I watch a downloaded YouTube video of four excitable people looking around bits of Holborn underground station that are not open to the public, and getting very excited about tiles.

I remembered to fill in the Malaysian digital entry form in Brisbane airport; so breezed through immigration; and my bag was about tenth off the plane. I jump into a Grab car, the Malaysian for Uber, and $23.74 gets me a 55 minute ride to the hotel. As I get in, Tracy Chapman’s Fast Car is playing. “Fast roads,” says the driver. And he’s right.

Sometimes, travel is good when it’s smooth. And it was, in this direction.

The way back started smoothly, too. I was on Malaysia Airlines, and I get a WP welcome and a Platinum Phantom next to me on the plane. Malaysia Airlines still has the world’s worst safety video, but nobody noticed that I was wearing noise cancelling earbuds. Life hack.

When I got to Singapore, I enjoyed the new noodles in the QF First lounge, and a rather exciting “dessert cocktail” which involved popping candy.

Exciting thing with popping candy

I go out for a walk in terminal 1, but there’s a lot of building work going on, and I’m struck by the low ceilings and cramped feel of this aging terminal in comparison to terminal 4.

Earlier, at 3.15pm, Qantas texted me to say that QF52 was running 45 minutes late.

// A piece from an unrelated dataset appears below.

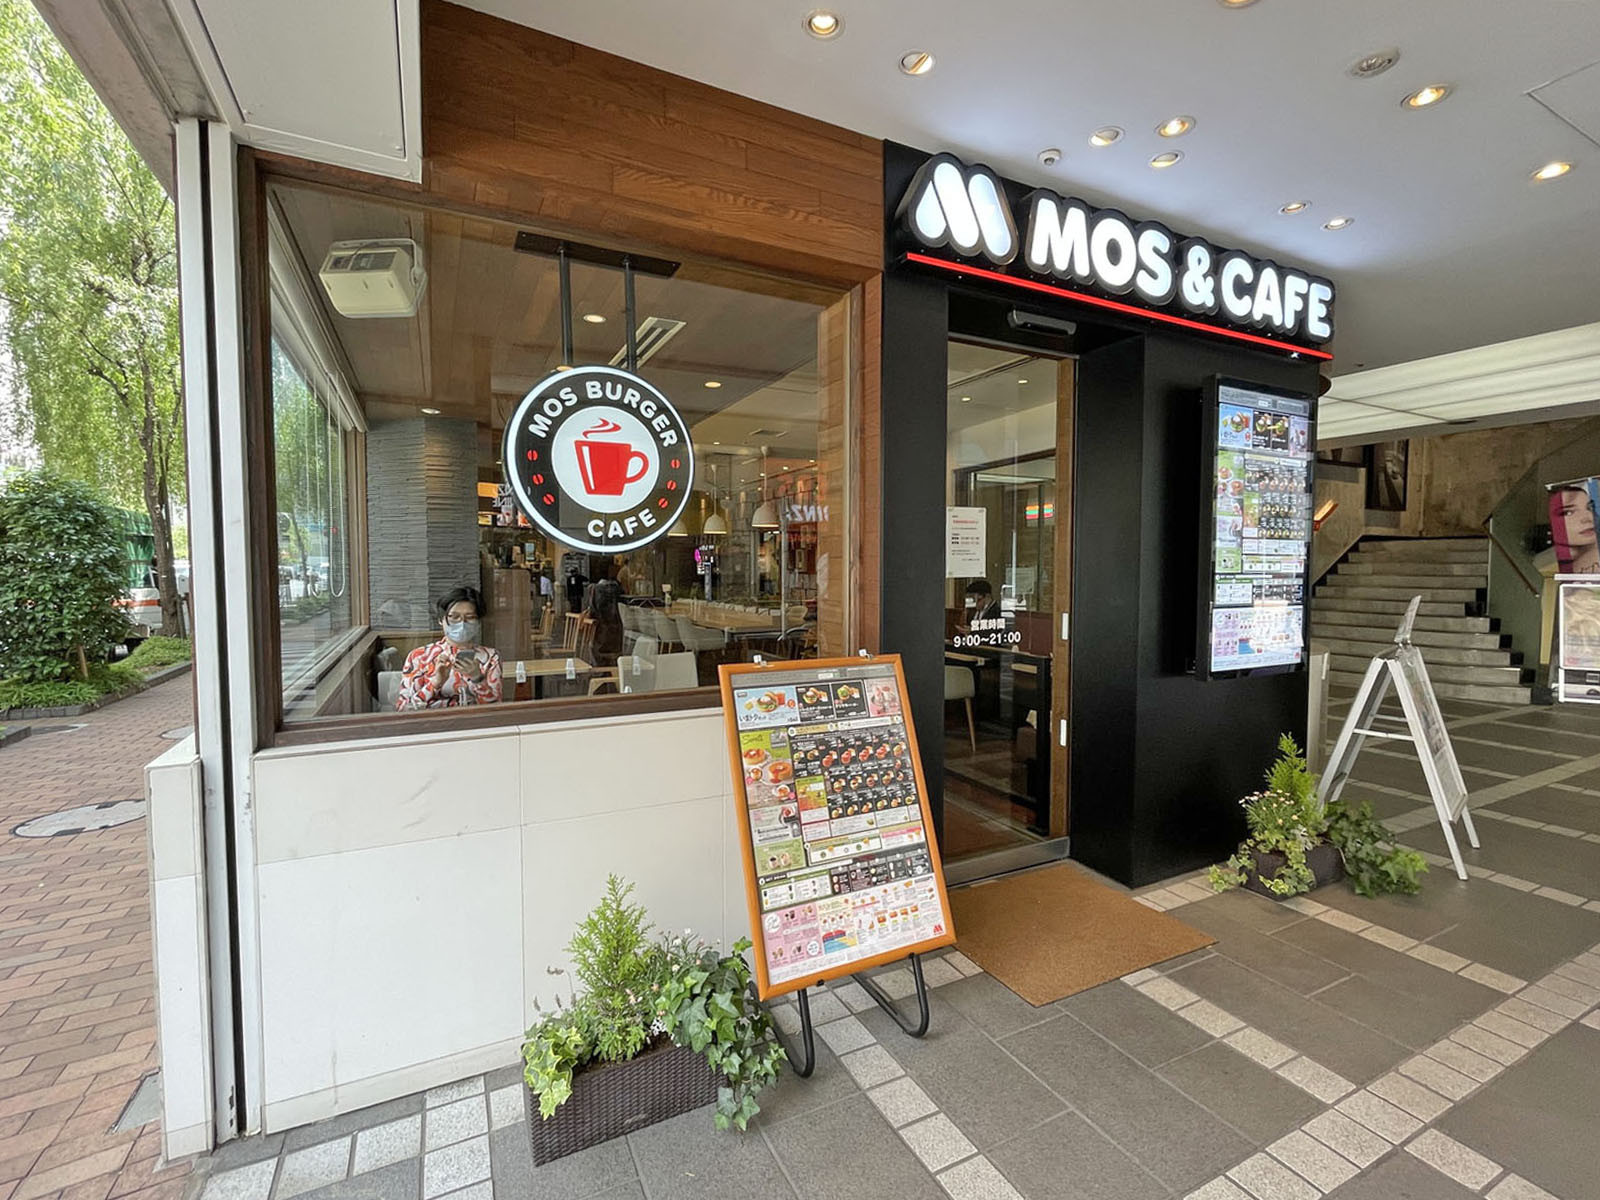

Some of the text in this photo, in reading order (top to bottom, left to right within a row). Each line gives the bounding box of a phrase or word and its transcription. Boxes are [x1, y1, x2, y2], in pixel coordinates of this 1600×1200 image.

That message was below a message telling me I had no upgrade (for a previous flight); a message telling me another plane was delayed and a message saying that it had been cancelled. It’s like a small collection of woe. I’m in economy for this flight.

In my experience, if they tell you six hours in advance that the flight is delayed by 45 minutes, they mean it is going to be later than that. And, on arriving to the gate, the tell-tale sign was that the flight crew were waiting there with me. If they’ve not let the flight crew on yet, that was not a good sign.

We’re flying “Margaret River” this evening, which is the one with the iPads instead of the seat back screens (with wifi once we get over Australia; but no power sockets). As I board via the economy door, I’m welcomed - and this is impressive - by an FA looking at my boarding pass (a Malaysian one, with no indication of my status), and instantly saying “welcome back Mr Cridland”, and giving me a glass of champagne to take to my economy seat - where there were a complimentary pair of pyjamas waiting for me, joining the 23,000 at home. Slightly less optimally, the seat next to me is full of a large foreign lady who arrived earlier by wheelchair, who I have to squeeze past. Much less optimally, the main row next to us is entirely composed of young children who are shouting at each other. Even less optimally than the already suboptimal nature of this flight, the lady behind me coughs once every twelve seconds, and continues to do so for seven hours. I avoided one “it’s just a cold and definitely not COVID” person at the conference I was at, and really don’t want to fail at this late stage.

We leave the gate 1 hour 6 minutes late.

I’m offered extra drinks by the FA - three times - but I don’t take him up on it. Nor do I have the meal, which is Singapore-catered: this is my eighth time on this flight, and I think it’s the worst-catered of any of Qantas’s routes, so I now just avoid it. Thank heavens for the lounge.

After a little sleep - the family opposite calmed down, though the coughing from behind me didn’t - we awake for the most lazy of breakfasts, a cardboard pastry in a cardboard box. The inside tastes as if it once had something to do with mushroom. The coffee is - for the first time in a while - entirely undrinkable (it seems to be four times as strong as it should be). I have to give the mostly-filled cup back.

We land 52 minutes late - behind a ton of other flights including the big Air Canada flight from. Vancouver. Qantas hasn’t given me an Express pass, which consigns me to the end of the quarantine exit queue, snaking four times the length of the baggage area and taking more than twenty minutes.

A relatively joyless experience, then, this way - nothing inherently wrong but plenty of irritation. It’s the small things, one on top of another, that add up.